DATA FOR PROCESSING:
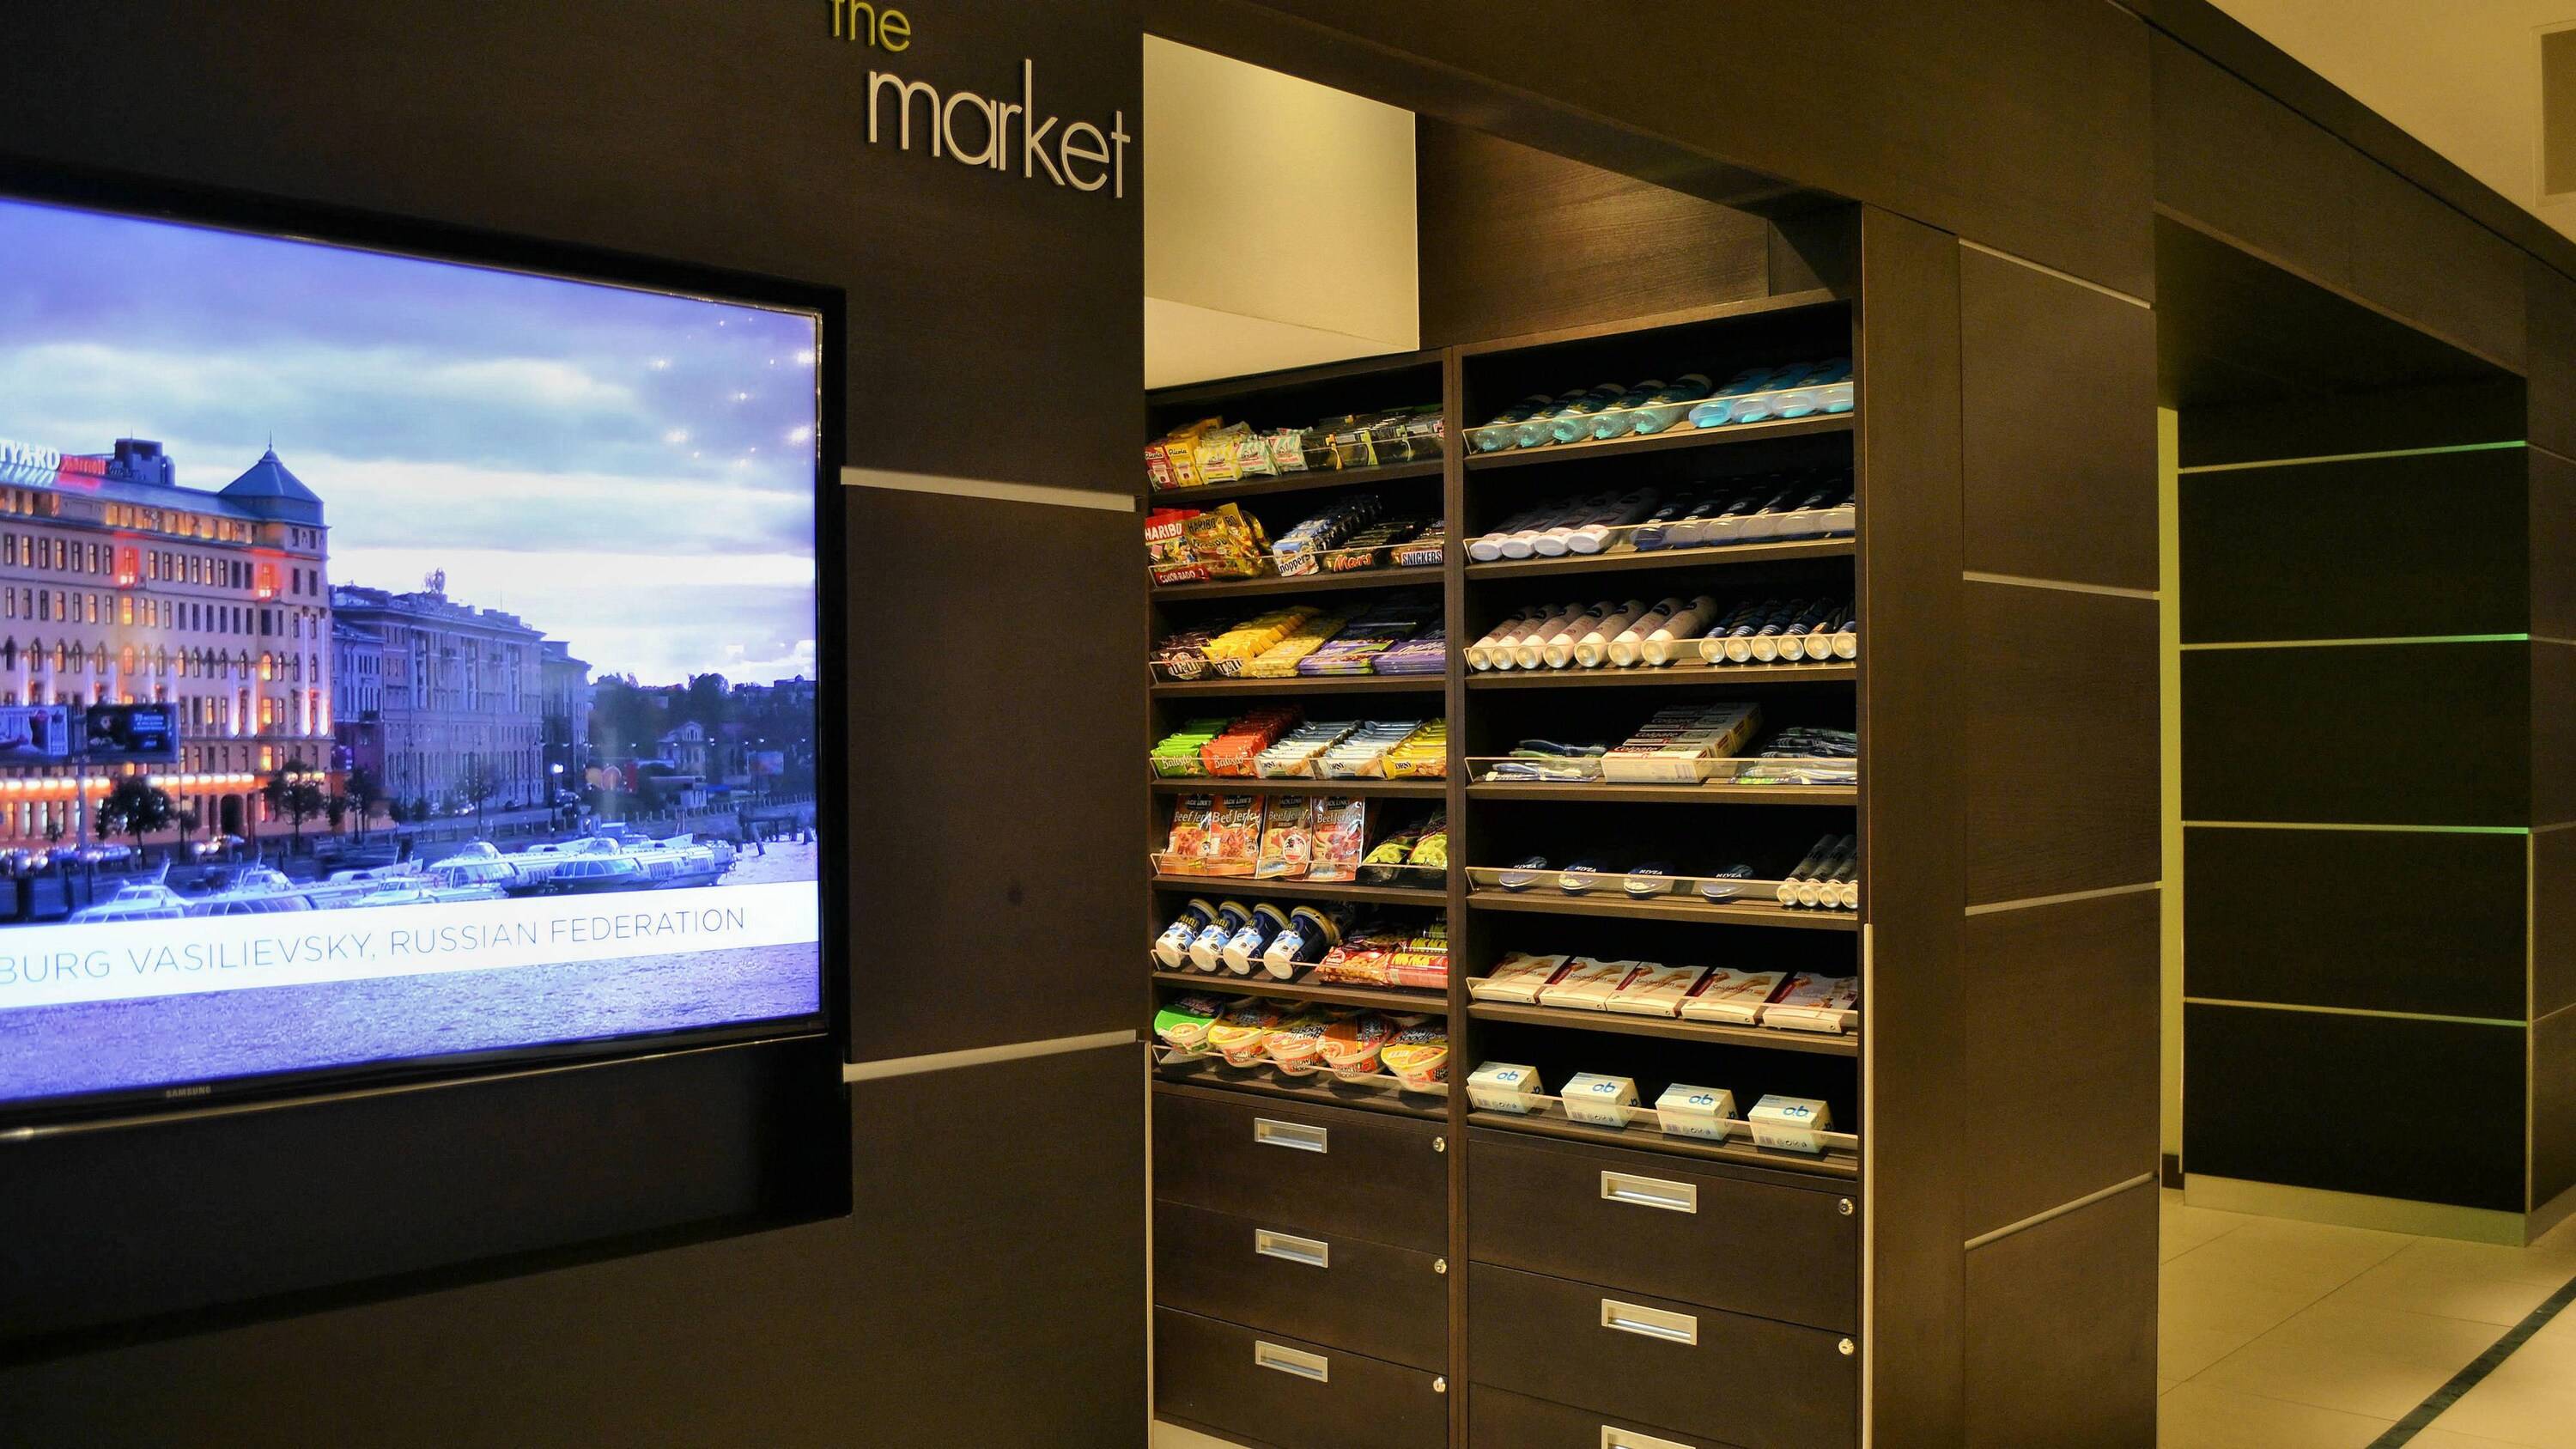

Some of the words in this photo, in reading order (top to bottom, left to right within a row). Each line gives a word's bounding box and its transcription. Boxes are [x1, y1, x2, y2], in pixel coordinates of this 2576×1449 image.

[829, 0, 911, 52] the
[867, 58, 1132, 199] market
[1334, 552, 1372, 572] Mars
[1401, 551, 1443, 566] SNICKERS
[1574, 865, 1596, 874] NIVEA
[0, 950, 111, 984] BURG
[127, 932, 378, 975] VASILIEVSKY,
[391, 921, 538, 956] RUSSIAN
[550, 906, 745, 944] FEDERATION
[165, 1085, 212, 1099] SAMSUNG
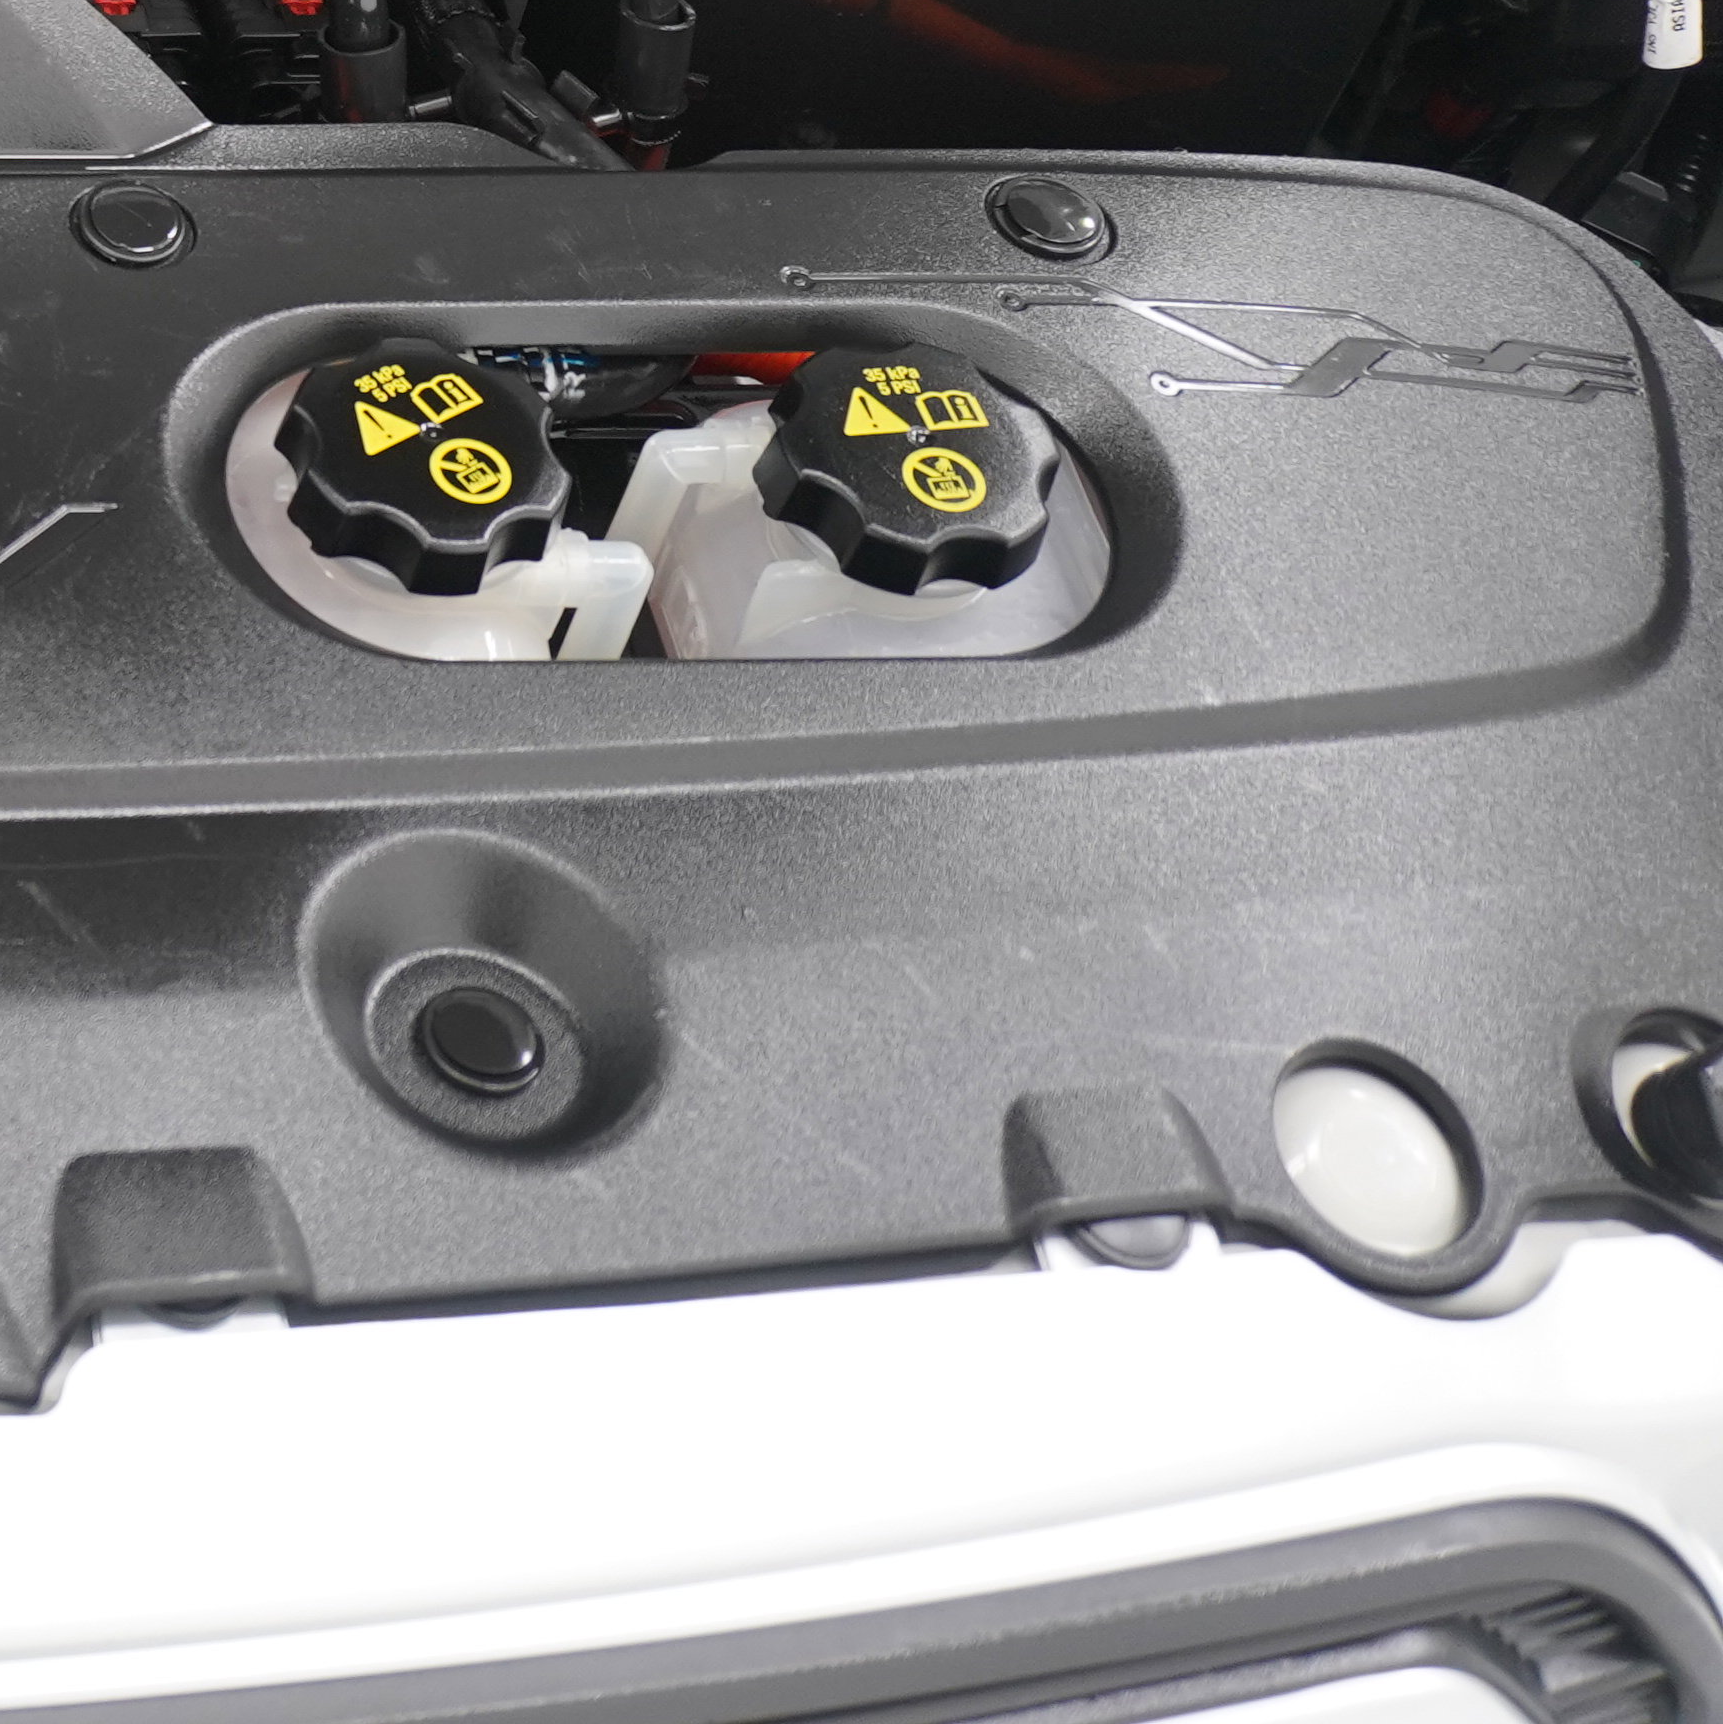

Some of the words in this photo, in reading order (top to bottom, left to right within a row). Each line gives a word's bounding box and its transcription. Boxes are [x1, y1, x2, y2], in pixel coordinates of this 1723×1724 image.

[354, 375, 378, 393] 35
[371, 364, 406, 384] kPa
[862, 368, 886, 382] 35
[885, 366, 920, 380] kPa
[371, 388, 389, 403] 5
[382, 377, 413, 398] PSI
[876, 382, 891, 396] 5
[890, 380, 921, 394] PSI
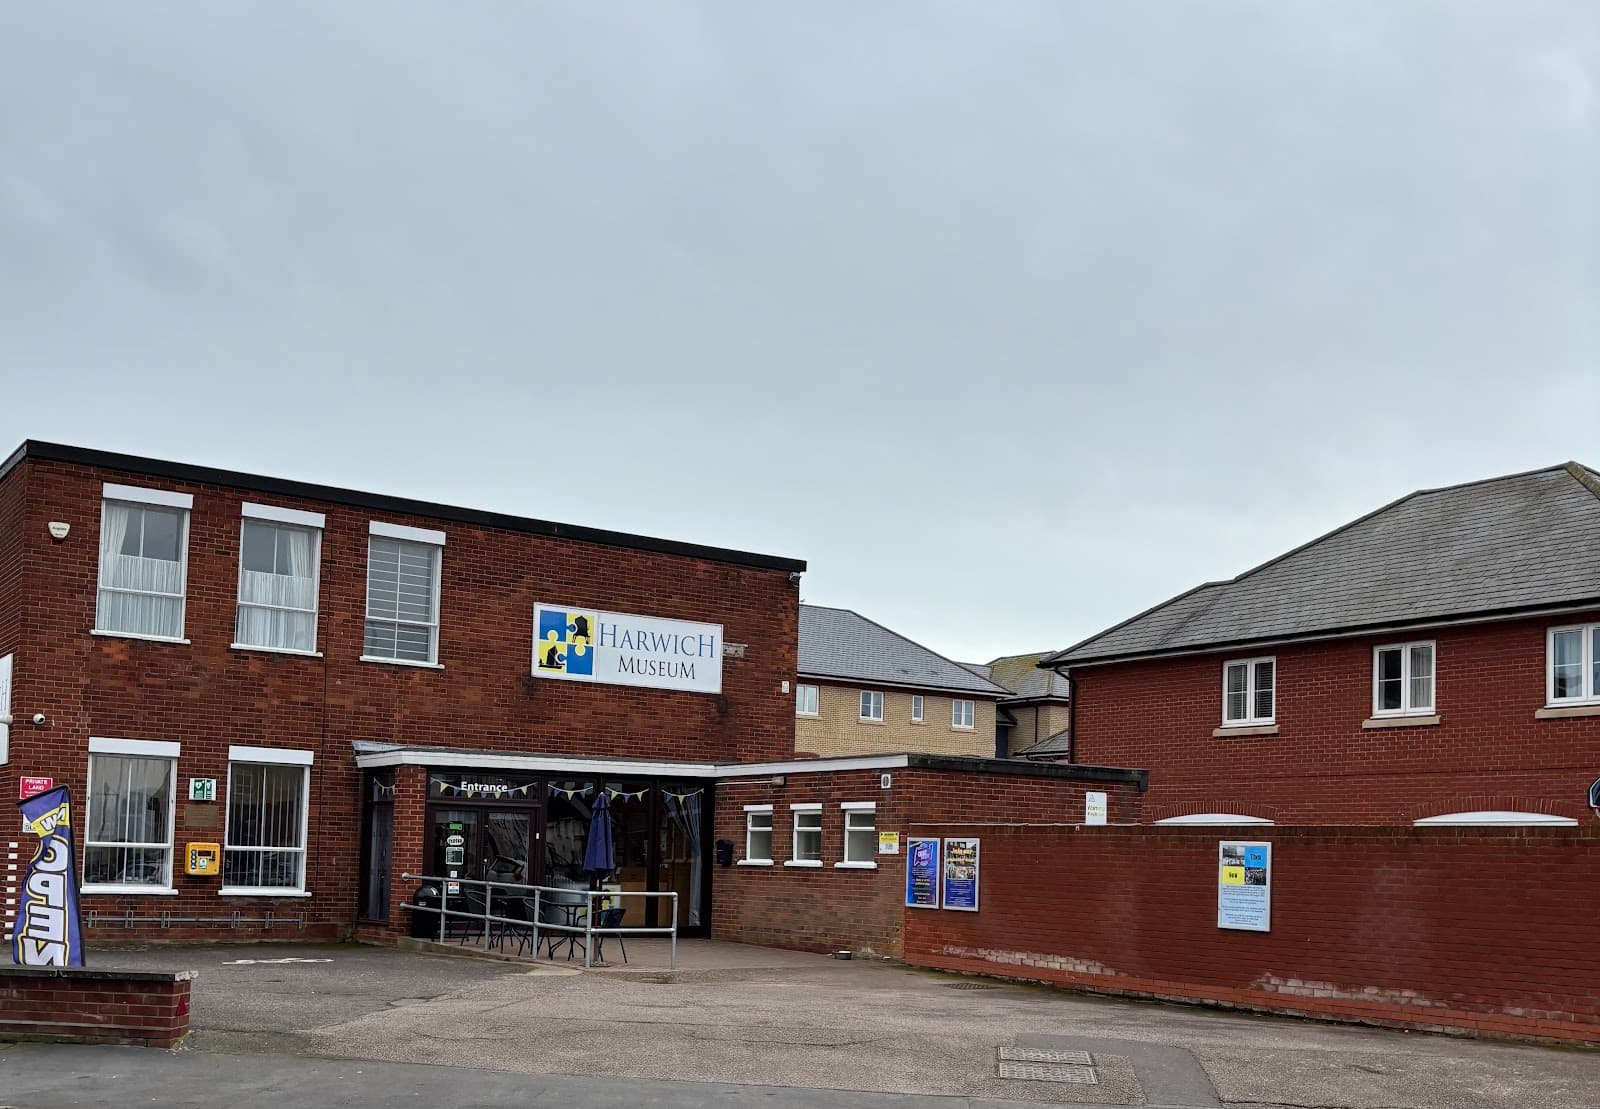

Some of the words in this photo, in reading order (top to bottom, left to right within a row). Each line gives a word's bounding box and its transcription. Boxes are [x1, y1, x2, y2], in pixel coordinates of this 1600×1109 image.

[600, 623, 714, 658] HARWICH
[618, 656, 695, 679] MUSEUM
[461, 781, 508, 792] Entrance

WHAT THE EXERCISE ASKS: The lines to repeat start at the one holding "this 1723×1724 image." and run through the last line of the records above; write them out exactly, both ends included, but not the pictures.

YOUR SOLUTION:
Some of the words in this photo, in reading order (top to bottom, left to right within a row). Each line gives a word's bounding box and its transcription. Boxes are [x1, y1, x2, y2], in pixel coordinates of this 1723×1724 image.

[354, 375, 378, 393] 35
[371, 364, 406, 384] kPa
[862, 368, 886, 382] 35
[885, 366, 920, 380] kPa
[371, 388, 389, 403] 5
[382, 377, 413, 398] PSI
[876, 382, 891, 396] 5
[890, 380, 921, 394] PSI

Some of the words in this photo, in reading order (top to bottom, left to right within a row). Each line gives a word's bounding box and its transcription. Boxes are [x1, y1, x2, y2], in pixel coordinates of this 1600×1109 image.

[600, 623, 714, 658] HARWICH
[618, 656, 695, 679] MUSEUM
[461, 781, 508, 792] Entrance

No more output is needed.